-- EXERCISE DIRECTIONS --
Please output the records below in full, exactly as given, but without the images.

Stored dataset items
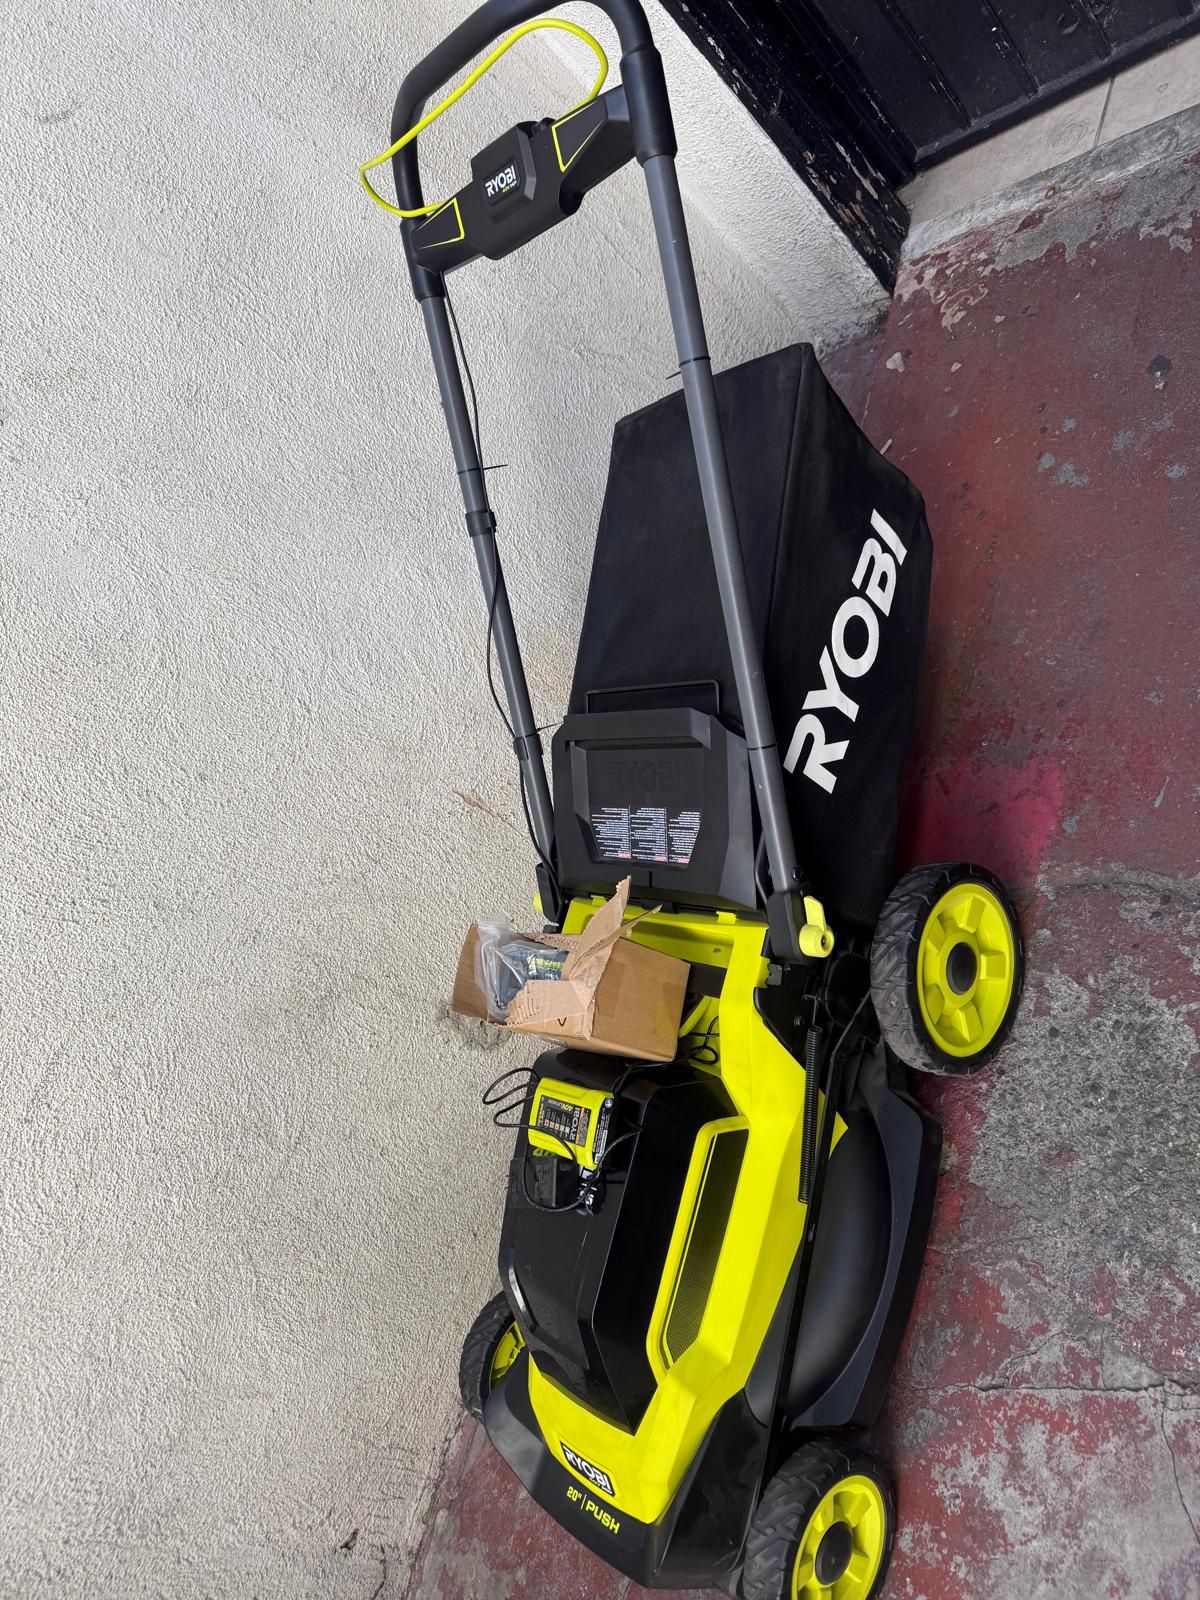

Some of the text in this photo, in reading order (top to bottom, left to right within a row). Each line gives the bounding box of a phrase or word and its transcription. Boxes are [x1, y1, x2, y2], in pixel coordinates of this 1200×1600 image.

[485, 165, 517, 197] RYOBI
[783, 508, 908, 794] RYOBI
[569, 1107, 581, 1140] RYOBI
[562, 1445, 611, 1491] RYOBI
[566, 1486, 621, 1534] 20" PUSH

-- SOLUTION --
Some of the text in this photo, in reading order (top to bottom, left to right within a row). Each line gives the bounding box of a phrase or word and its transcription. Boxes are [x1, y1, x2, y2], in pixel coordinates of this 1200×1600 image.

[485, 165, 517, 197] RYOBI
[783, 508, 908, 794] RYOBI
[569, 1107, 581, 1140] RYOBI
[562, 1445, 611, 1491] RYOBI
[566, 1486, 621, 1534] 20" PUSH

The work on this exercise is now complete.